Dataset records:

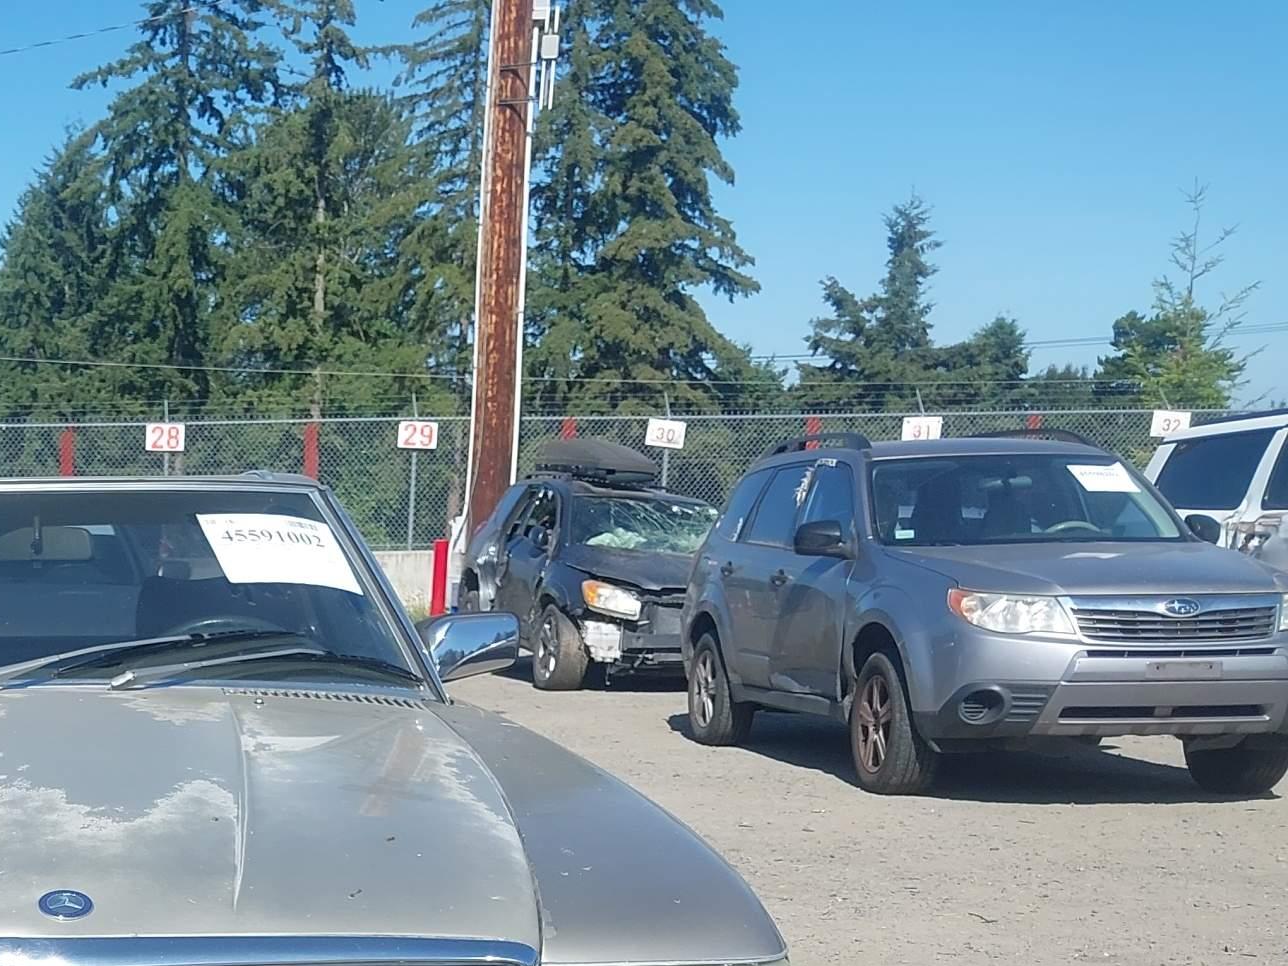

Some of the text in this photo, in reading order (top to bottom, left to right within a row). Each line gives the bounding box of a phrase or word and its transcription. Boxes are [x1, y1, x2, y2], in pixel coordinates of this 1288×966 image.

[151, 426, 179, 449] 28
[404, 423, 433, 447] 29
[656, 427, 676, 442] 30
[913, 424, 930, 440] 31
[221, 529, 325, 548] 45591002

◆ PROBLEM STATEMENT: Please provide a faithful transcription of all the data, pictures excluded.

◆ YOUR SOLUTION:
Some of the text in this photo, in reading order (top to bottom, left to right within a row). Each line gives the bounding box of a phrase or word and its transcription. Boxes are [x1, y1, x2, y2], in pixel coordinates of this 1288×966 image.

[151, 426, 179, 449] 28
[404, 423, 433, 447] 29
[656, 427, 676, 442] 30
[913, 424, 930, 440] 31
[221, 529, 325, 548] 45591002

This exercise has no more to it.